Before the 20th century, African-Americans were minimally represented in historical records that European-ancestored researchers are accustomed to using, such as censuses, vital records, land records and immigration records. Documents relating to slavery can be difficult to find, and many contain sparse data—for example, descriptions of an owner’s slaves, but not their names. The most important of sources, spoken family lore, was often lost when slavery separated families.
For example, Freedman’s Bank Records, with 480,000 entries from 1864 to 1875, were published on CD and now are part of FamilySearch’s free Record Search Pilot Site, HeritageQuest Online and Ancestry.com . Rutgers University professor Gwendolyn Midlo Hall documented 100,000 Louisiana slaves of the 18th and 19th centuries; her work is online at <www.ibiblio.org/laslave>. AfriGeneas, which provides data, links, message boards and chats, has been an African-American genealogy hub since the 1990s.
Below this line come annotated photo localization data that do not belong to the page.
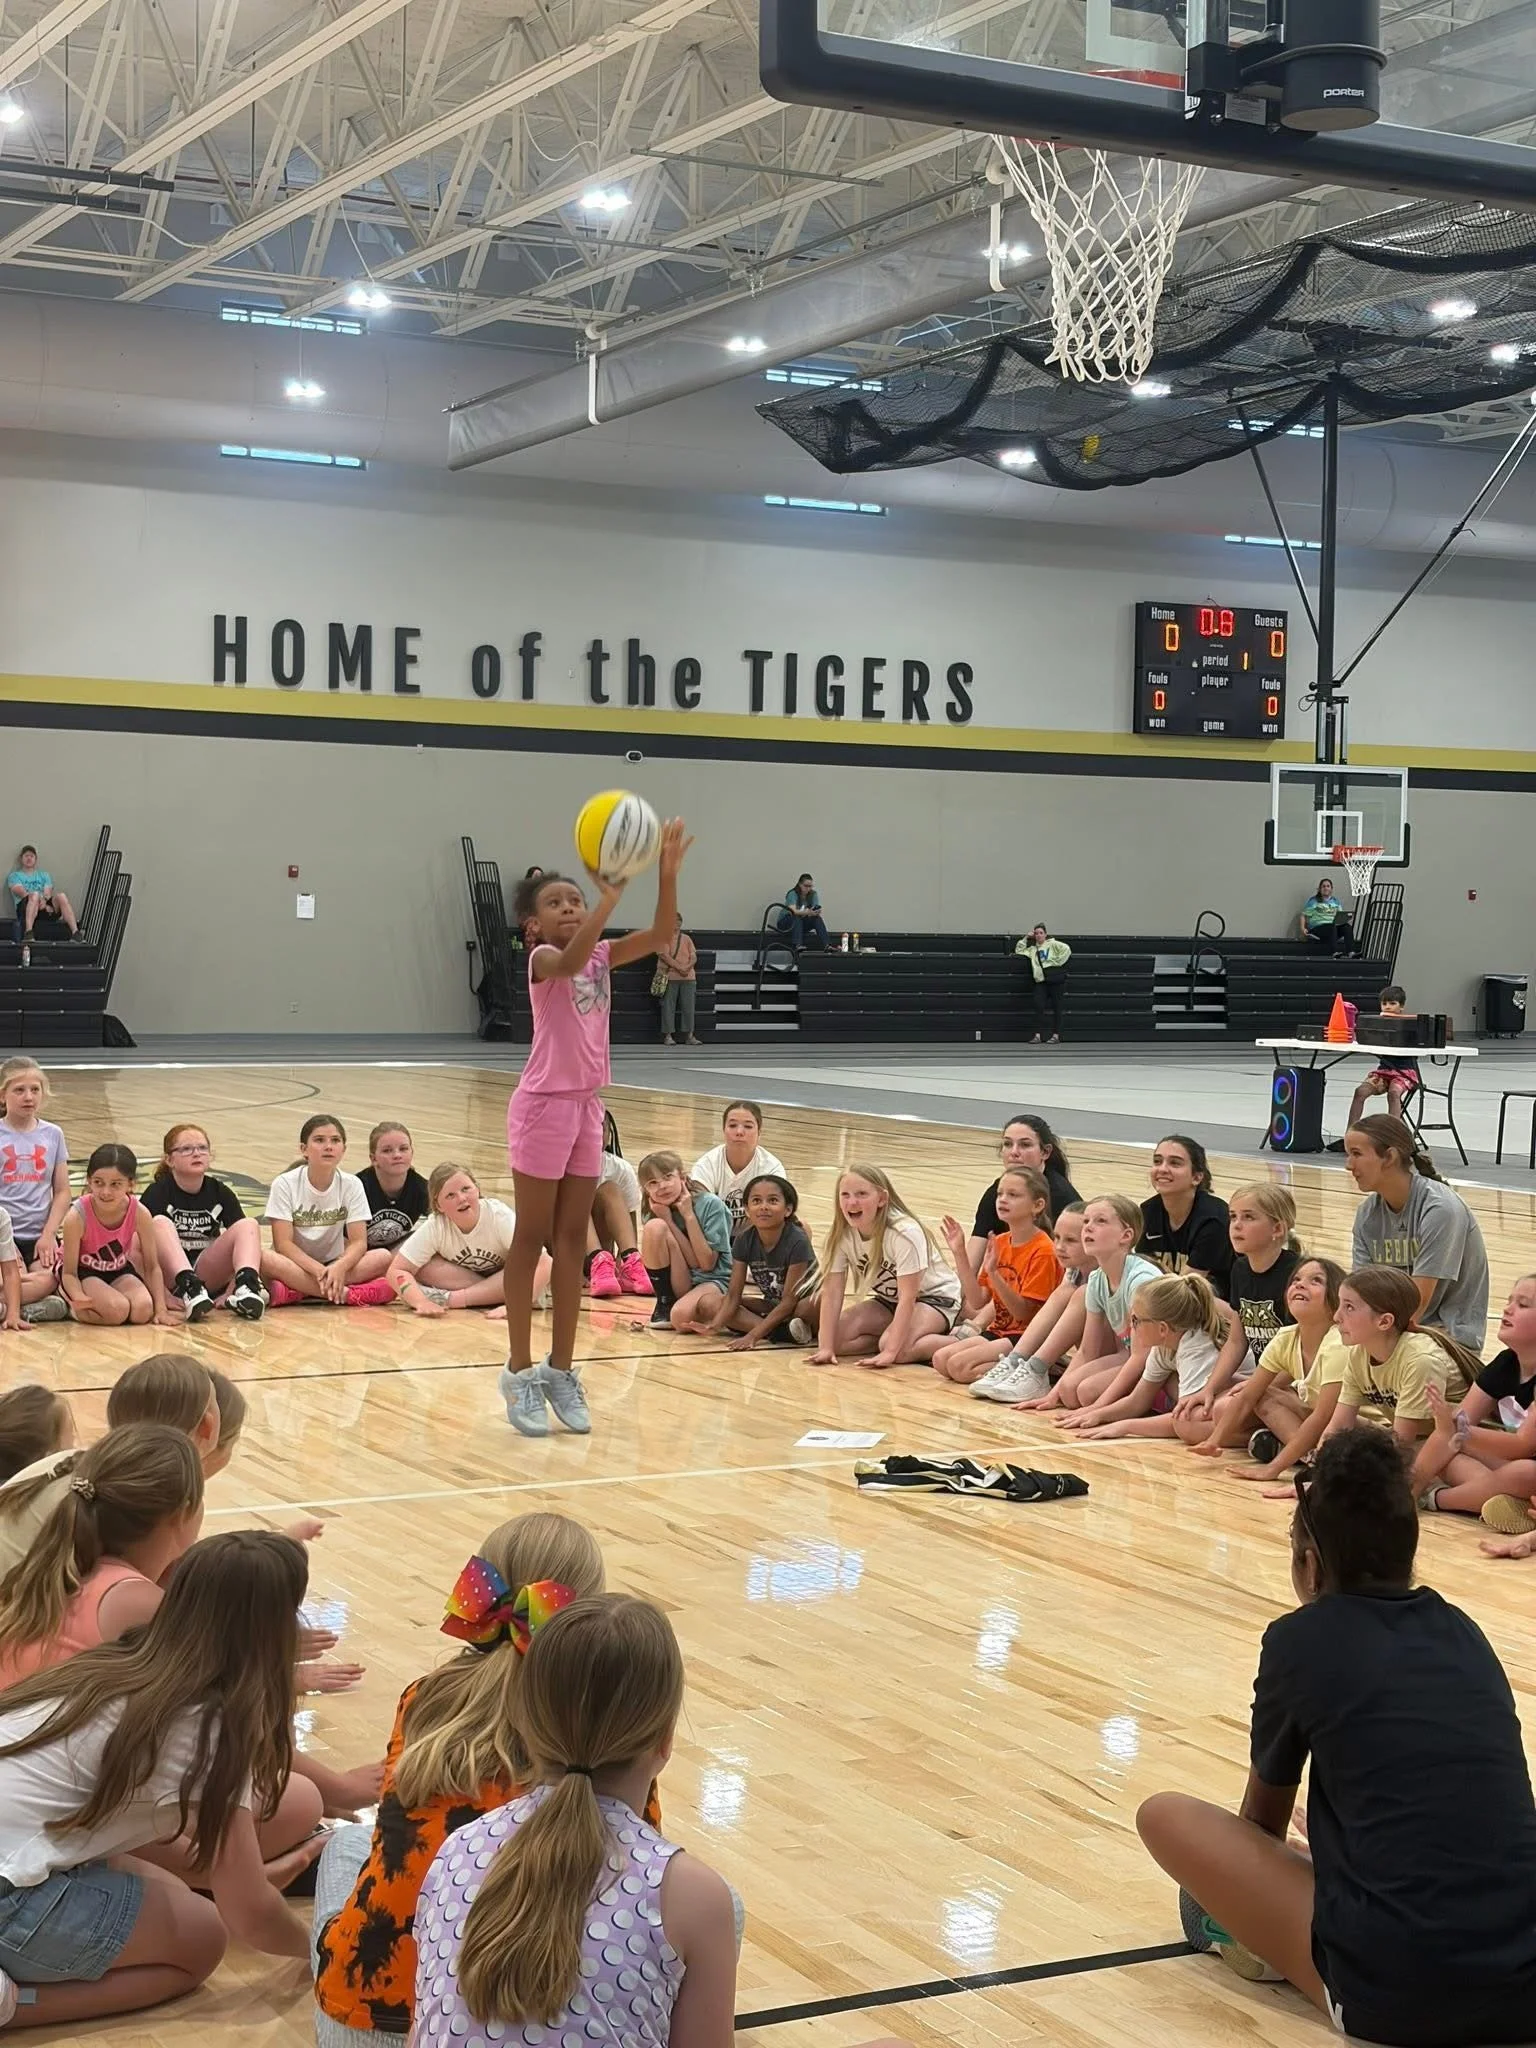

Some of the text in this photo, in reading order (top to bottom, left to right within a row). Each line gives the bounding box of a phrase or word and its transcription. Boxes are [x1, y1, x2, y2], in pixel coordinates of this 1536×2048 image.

[1151, 606, 1176, 620] Home
[1254, 614, 1284, 628] Guests
[1165, 623, 1180, 652] 0
[1270, 630, 1285, 658] 0
[1202, 654, 1229, 668] period
[212, 614, 974, 723] HOME of the TIGERS
[1148, 671, 1169, 684] fouls
[1201, 672, 1229, 688] player
[1261, 678, 1281, 690] fouls
[1154, 690, 1166, 711] 0
[1267, 696, 1278, 716] 0
[1149, 718, 1166, 728] won
[1203, 721, 1225, 733] game
[1262, 723, 1278, 733] won
The past few years have seen a surge of launches: Afriquest is a free repository for documents, images and family stories. Lowcountry Africana focuses on resources related to slaves from the Gullah and Geechee cultures of the coastal Southeast. The Digital Library on American Slavery provides details on more than 150,000 names from Southern court records. The Trans-Atlantic Slave Trade Database contains information that’s been gathered since the 1960s on more than 35,000 slave-trade voyages. And ProQuest’s new African AmericanHeritage site promises a mix of records, tools and research guidance.
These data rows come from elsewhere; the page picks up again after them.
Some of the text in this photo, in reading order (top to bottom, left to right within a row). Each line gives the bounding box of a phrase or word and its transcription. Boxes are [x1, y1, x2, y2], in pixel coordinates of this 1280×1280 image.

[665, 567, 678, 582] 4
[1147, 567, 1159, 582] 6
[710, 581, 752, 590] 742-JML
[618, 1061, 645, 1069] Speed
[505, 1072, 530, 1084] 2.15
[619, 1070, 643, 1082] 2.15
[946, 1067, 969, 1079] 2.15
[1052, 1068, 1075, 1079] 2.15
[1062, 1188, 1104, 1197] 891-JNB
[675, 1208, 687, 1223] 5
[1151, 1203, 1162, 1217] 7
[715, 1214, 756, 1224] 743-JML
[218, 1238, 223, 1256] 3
Genetic research and testing also has contributed to some genealogists’ understanding of their African origins. This new research path has gained steam thanks to DNA tests of famous folks (think Oprah Winfrey) and targeted services such as African Ancestry. Though results can be inconclusive (see the December 2009 Family Tree Magazine to learn why), they may deepen a sense of identity and direct further research.
Though recent online launches have created new research paths, most African-American genealogists will probably still need to consult these classic sources:
» US Colored Troops
Service records of almost 180,000 African-Americans who served in segregated Civil War units are on microfilm at the National Archives and Records Administration (NARA) and Family History Library (FHL). They’re also digitized on subscription websites Ancestry.com and Footnote.com.
» Slave Narratives
In the 1930s, workers for the Federal Writers Project interviewed more than 2,300 former slaves. You can search or browse transcriptions of these interviews—and see photos of many of the subjects—free on the Library of Congress website.
» Freedmen’s Bureau Records
After the Civil War, the Bureau of Refugees, Freedmen and Abandoned Lands help former slaves find work, legalize their marriages and more. Records are on NARA and FHL microfilm. Virginia marriages are searchable on FamilySearch.